首页> 中文期刊> 《中国医疗设备》 >血管内超声PCI中碘造影剂r使用的对照研究

血管内超声PCI中碘造影剂r使用的对照研究

             

摘要

目的 评估血管内超声(Intravascular Ultrasound Imaging,IVUS)引导对接受经皮冠状动脉介入治疗(Percutaneous Coronary Intervention,PCI)的患者最终使用造影剂剂量的影响.方法 将83名患者随机分配成两组:血管造影引导的PCI组和IVUS引导的PCI组,评价指标是患者在PCI期间4个月内平均使用的碘对比剂总体积.结果 在血管造影引导组中,碘对比造影剂使用量的中值与血管超声引导组分别为64.5 mL和20.0 mL(P<0.001).同时,在用IVUS引导的PCI治疗的患者中,对比剂/肌酐清除率的值平均值显著降低(P<0.001).随机分配的血管造影引导组和IVUS引导的PCI的患者在住院期间和4个月的结果 并没有显著差异.结论 IVUS是应用于PCI的安全且有效的成像工具,并且与血管造影引导相比,显著地减少了碘对比剂的使用.对于可能因碘对比剂诱发的急性肾损伤或超负荷的高风险患者,应考虑使用IVUS.%Objective To evaluate the impact of intravascular ultrasound imaging (IVUS) guidance on the final volume of contrast agent utilized in patients undergoing percutaneous coronary intervention (PCI).Methods A total of 83 patients were randomized grouped to angiography-guided PCI group and IVUS-guided PCI group.
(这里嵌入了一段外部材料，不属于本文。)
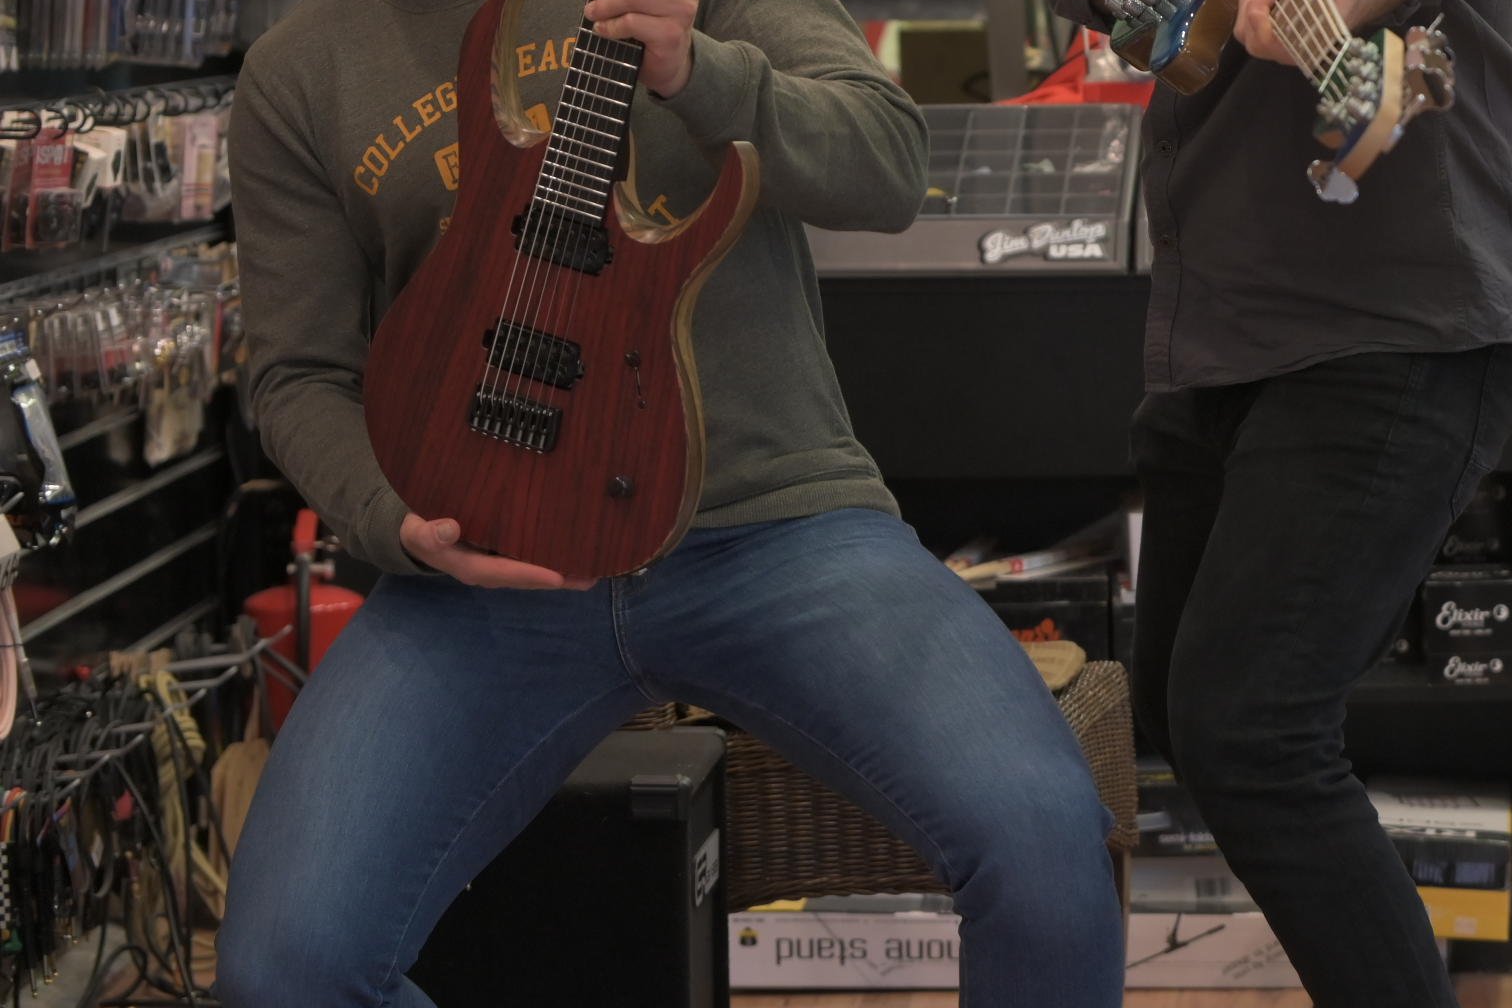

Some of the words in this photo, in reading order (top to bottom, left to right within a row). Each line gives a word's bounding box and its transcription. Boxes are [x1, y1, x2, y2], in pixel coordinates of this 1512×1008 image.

The primary endpoint was the total volume contrast agent used during PCI. Patients were followed clinically for an average of 4 months.Results The median total volume of contrast was 64.5 mL in angiography-guided group vs. 20.0 mL in IVUS-guided group (P<0.001). Similarly, the median volume of contrast/creatinine clearance ratio was significantly lower than patients who were treated with IVUS-guided PCI (P<0.001). The in-hospital and 4-month outcomes were not different between the two groups.Conclusion The tilization of IVUS as the primary imaging tool is safe to guide PCI, and markedly reduces the volume of iodine contrast, compared to angiography-alone guidance. The use of IVUS should be considered for patients at high risk for contrast-induced acute kidney injury or volume overload undergoing coronary angioplasty.